Putting the dancing pigs in their cyber-pen

'Given a choice between dancing pigs and security, users will pick dancing pigs every time.' - Ed Felten, Princeton University

THEY ARE CALLED TROJAN HORSES. The name says it all. An innocent e-mail lands in your mail box that seems to come from your best friend, or that joke e-mail list that you joined, and promises to show you "dancing pigs" if you click on the executable attachment included with the message. ("Executable" means it fires up once you click on it.)

And while you do get dancing pigs, you also get something else - a bit of malicious computer code that scrambles your hard drive, or sends all of your personal e-mail to everyone else in the office, or worse, sends all your business's corporate memos to someone only too happy to sell them to your competition.

And you never even knew it happened. You were too busy watching dancing pigs.

Now, let's take our "dancing pig" Trojan horse and link it to the Y2K problem, and you have an idea of why many people who make their living creating security programs for the Internet are concerned that the real danger from the year 2000 won't be computer bugs. In a white paper called "Y2K Tunnel Vision: Why Hackers May Be the Real Threat," Ron Moritz, the chief technology officer for Finjan Software, argues that our computer networks "are at risk not from Y2K bugs but rather from distracted IT [information technology] managers who fail to see the real danger looming ahead.

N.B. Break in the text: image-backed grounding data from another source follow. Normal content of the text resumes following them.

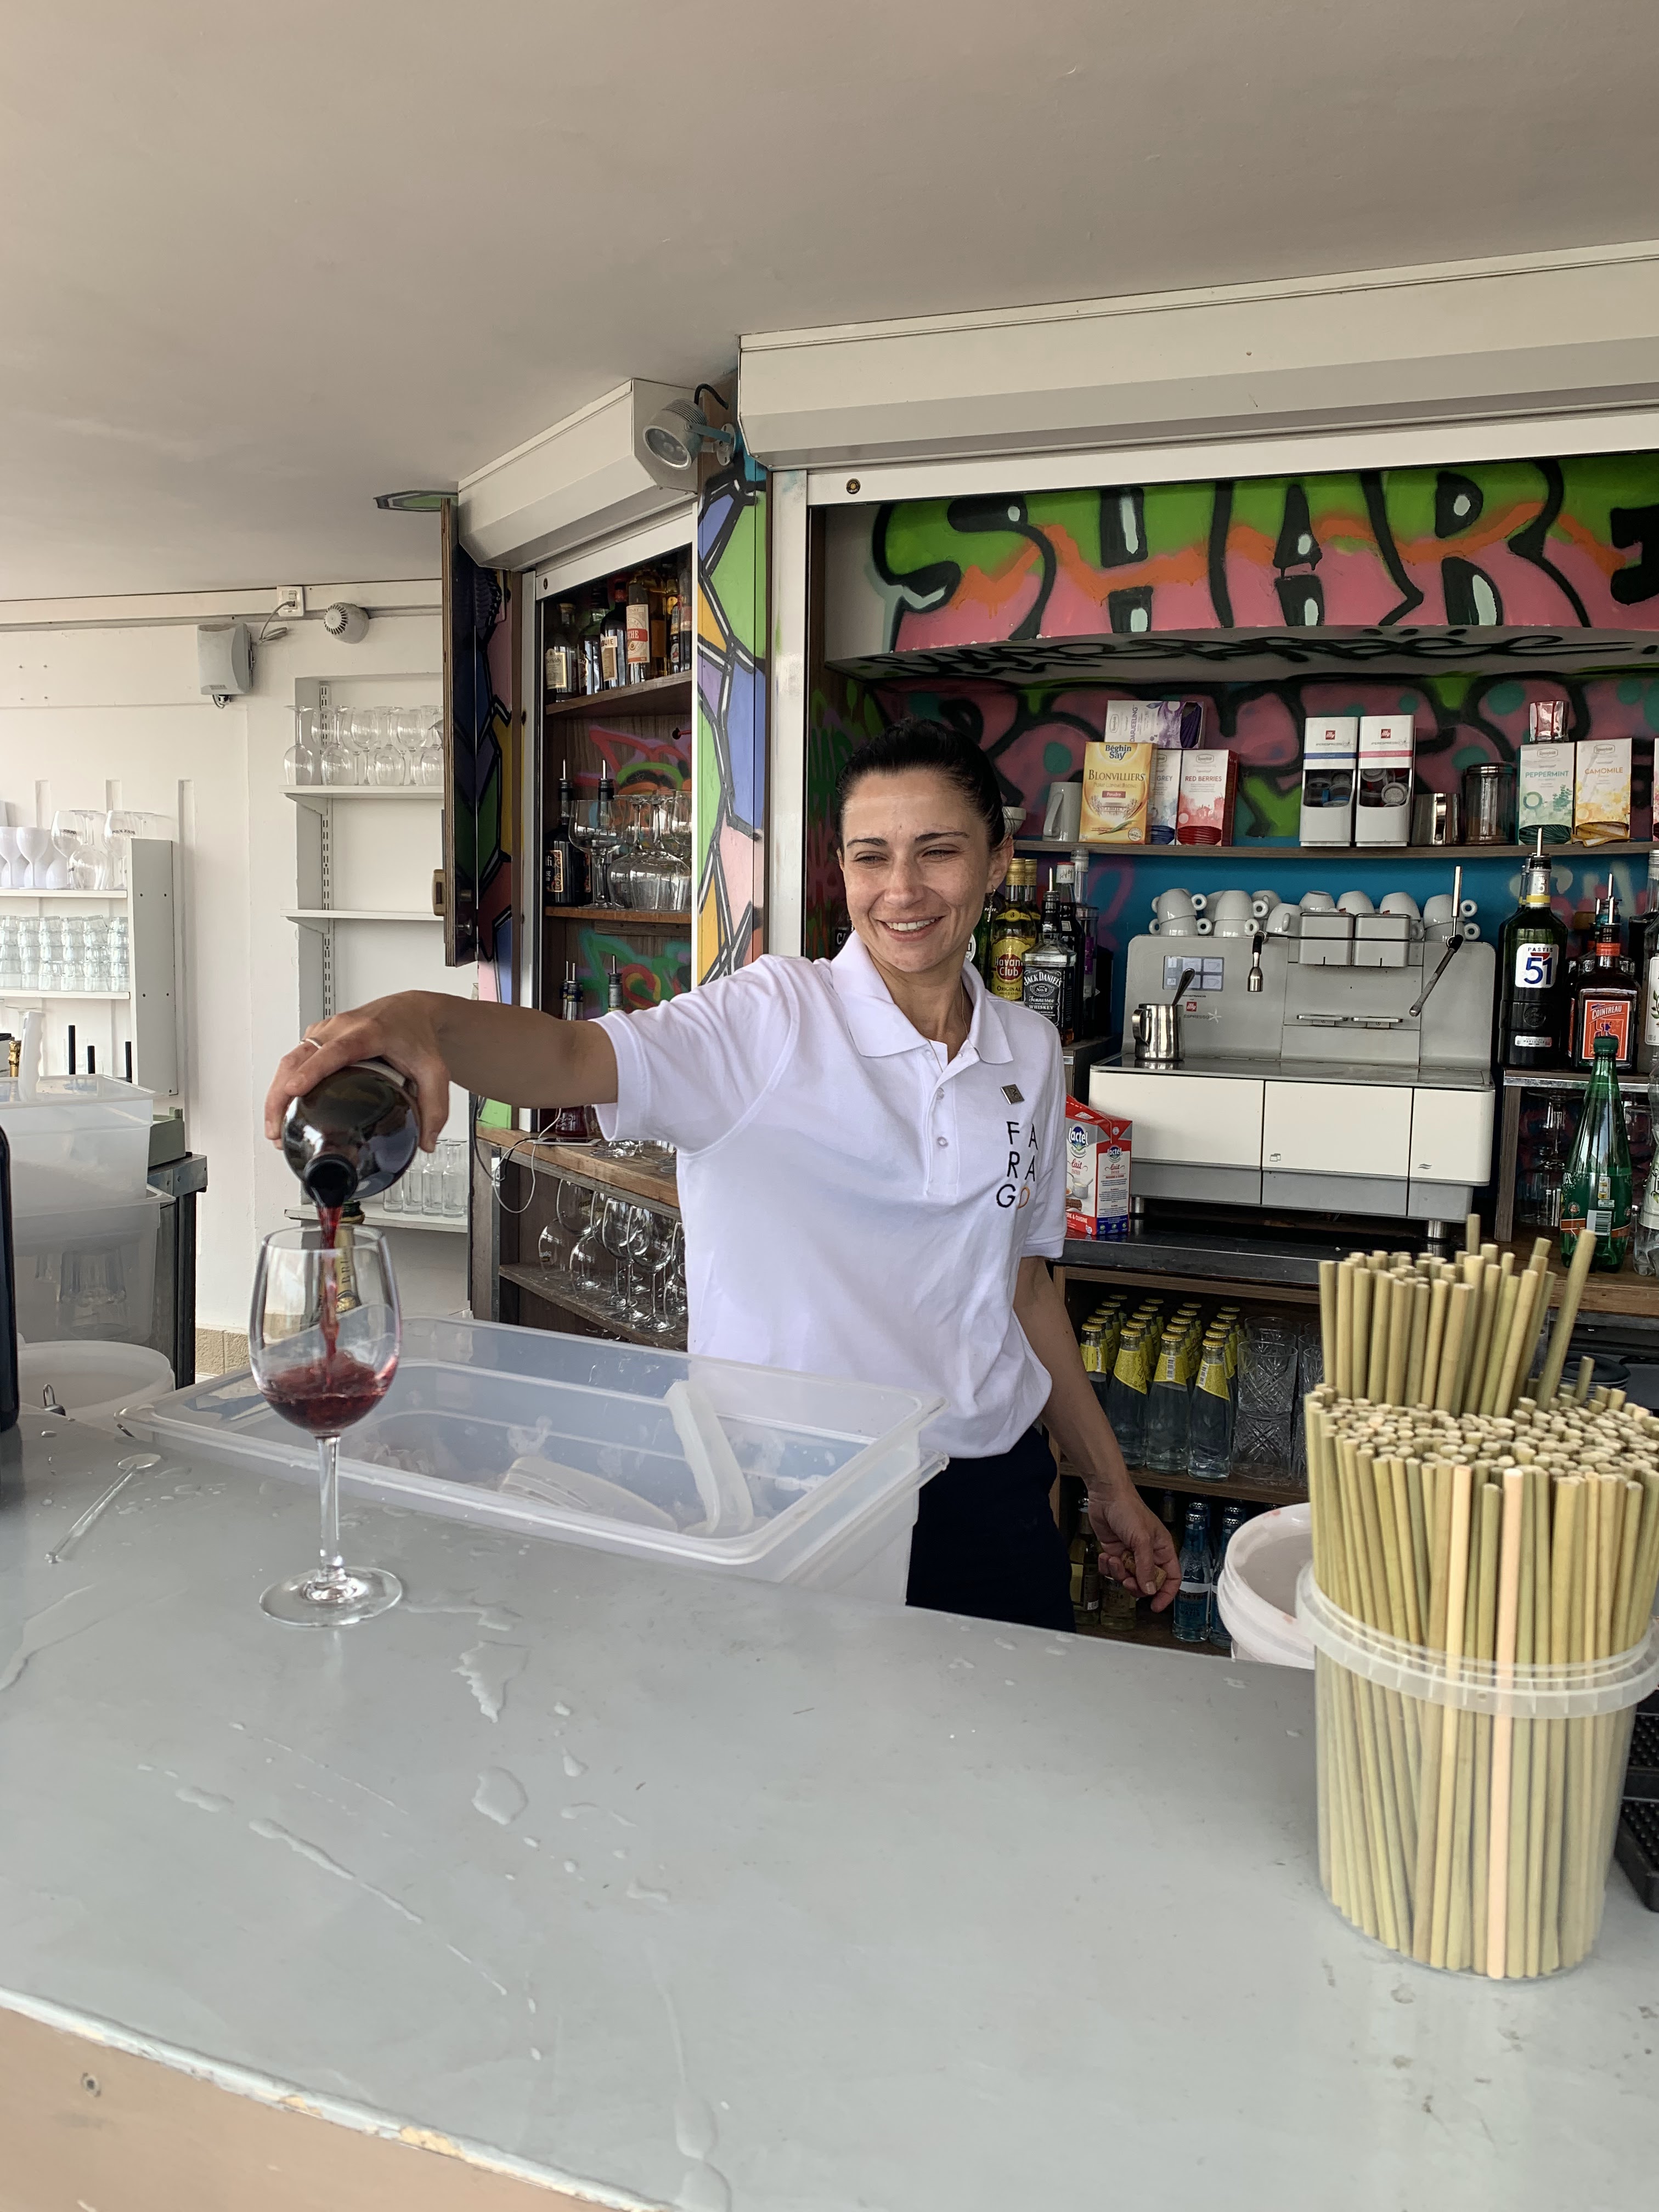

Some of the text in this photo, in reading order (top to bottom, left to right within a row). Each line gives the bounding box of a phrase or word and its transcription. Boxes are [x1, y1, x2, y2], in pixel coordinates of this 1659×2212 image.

[1130, 707, 1138, 742] DARJEELING
[1381, 730, 1391, 738] illy
[1105, 744, 1132, 753] Béghin
[1109, 752, 1126, 760] Say
[1088, 769, 1144, 781] BLONVILLIERS
[999, 967, 1019, 976] Club
[1523, 957, 1553, 985] 51
[1024, 972, 1063, 988] JACK DANIEL'S
[1187, 1003, 1197, 1011] illy
[1592, 1005, 1622, 1020] COINTREAU
[1068, 1126, 1089, 1147] lactel
[1107, 1147, 1123, 1156] lactel
[1071, 1158, 1082, 1169] lait

"While IT folks are off fighting Y2K fires, repairing code and preparing to respond to programs that fail on Jan. 1, 2000, those with ill-will are preparing to take advantage of the lax attention to security details," he writes.

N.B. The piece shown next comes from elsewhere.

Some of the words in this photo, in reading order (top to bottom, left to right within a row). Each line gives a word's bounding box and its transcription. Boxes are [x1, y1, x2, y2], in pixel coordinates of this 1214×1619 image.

But Trojan horses aren't the only danger. In an article last month in InternetWeek Online, "Enterprises Vulnerable to Y2K Hacks," writer Rutrell Yasin quotes security experts who say they have found "backdoors" written into software that was sent by US companies for Y2K repairs to a third party, often overseas. (Backdoors are holes placed in a computer's security network that allows hackers or cyber-criminals to get into a network unnoticed.)

(According to Mr. Moritz, Computer Economics Inc. reported that in the first six months of 1999, American businesses experienced $7.6 billion in losses as a result of computers disabled from malicious code travelling through the public Internet.)

So what can you do to prevent Y2K from becoming a security problem?

First, never open an executable attachment that comes from anyone, if you didn't ask for it directly. Even your own systems administrator's e-mail address can be faked. So always double-check.

Second, make sure the Y2K fixes done for your company's computer network don't solve one problem, but create another. Y2K fixes should be checked for security holes, especially if they have been done by a third party.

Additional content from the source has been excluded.